The Fed has kept short-term rates near zero since December 2008, and is in the midst of buying $600 billion in Treasury securities to stimulate the economy and bring down borrowing costs further. The current round of asset-buying, slated to run through June, comes on top of $1.7 trillion in long-term assets bought in 2009 and 2010.

Although “open minded” about curtailing the current program, Evans suggested economic conditions would probably warrant completing it.

“It’s quite likely we will continue with the 600,” Evans, a voter on the Fed’s policy-setting panel this year and a consistent policy “dove, told reporters after his speech.

“It will not surprise me if at the time we get to June and we are looking at the economy, that things are sufficiently better that that might be enough.”

Speaking nearly simultaneously in Houston, Dallas Fed President Richard Fisher, one of Fed’s most outspoken inflation “hawks,” said he would not support any further easing beyond the current program and said there was evidence price pressures were building.

Core consumer prices in January rose at the fastest pace in more than a year, data on Thursday showed, suggesting a long period of slowing inflation had run its course.

Evans called the increase a “good” development, but said he was still concerned about inflation below the Fed’s 2 percent target, to which he does not see a return until at least 2014.

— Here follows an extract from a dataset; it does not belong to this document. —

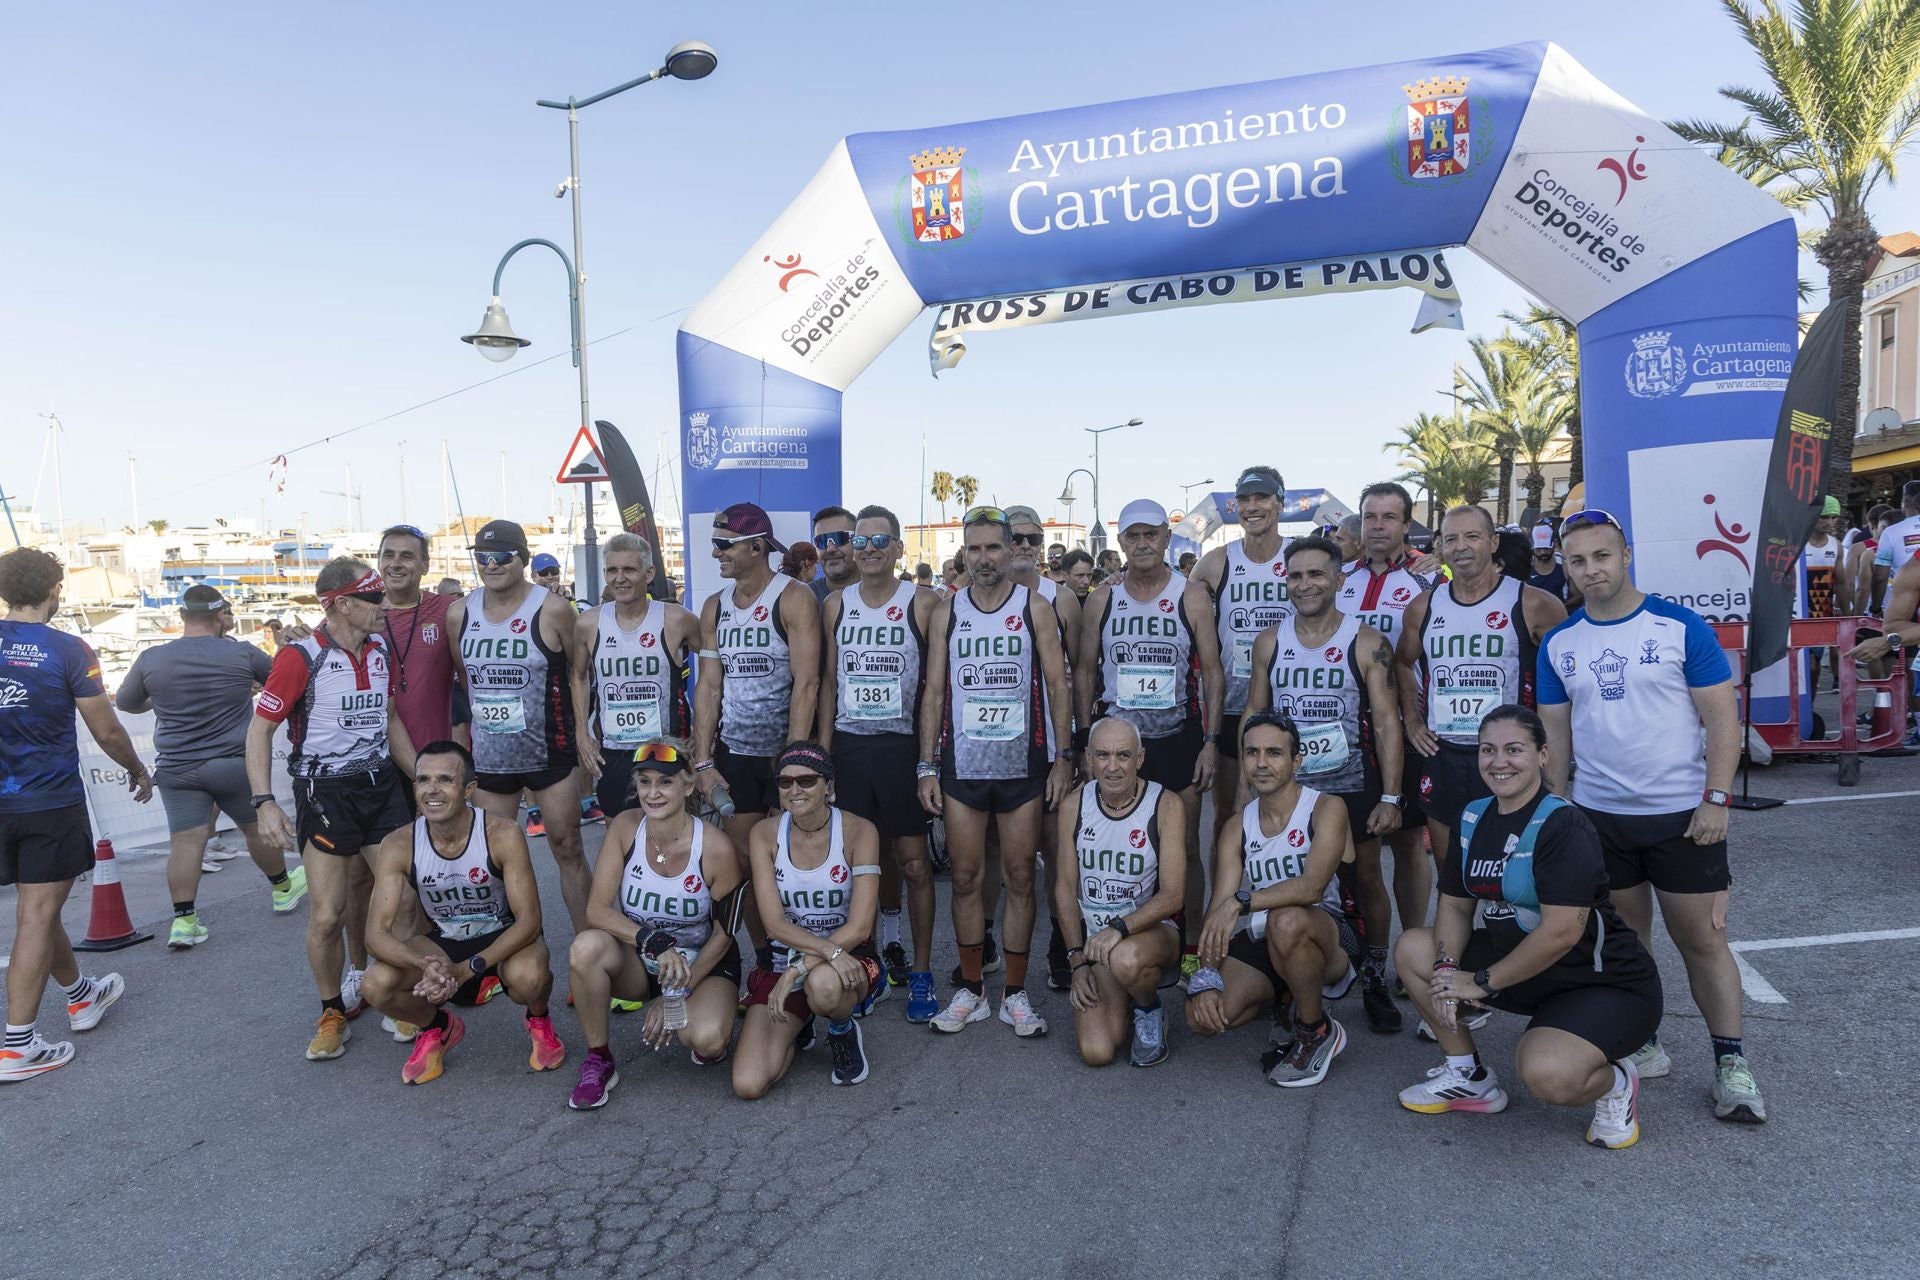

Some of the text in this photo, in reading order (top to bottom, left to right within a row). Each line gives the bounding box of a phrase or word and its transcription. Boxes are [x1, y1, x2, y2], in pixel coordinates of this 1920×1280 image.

He dismissed concerns that the Fed’s easy monetary policy was fueling a global spike in commodity prices, blaming the increase instead on demand for resources from strong economies like India and China.

In fact, he said, boosting short-term inflation expectations in the U.S. “appropriately” is consistent with the Fed’s goal of keeping prices stable.

If unwelcome inflation start to build, he said, the Fed has the tools to bring it under control.

“We could turn very quickly if we needed. I don’t expect that we will need to,” he said.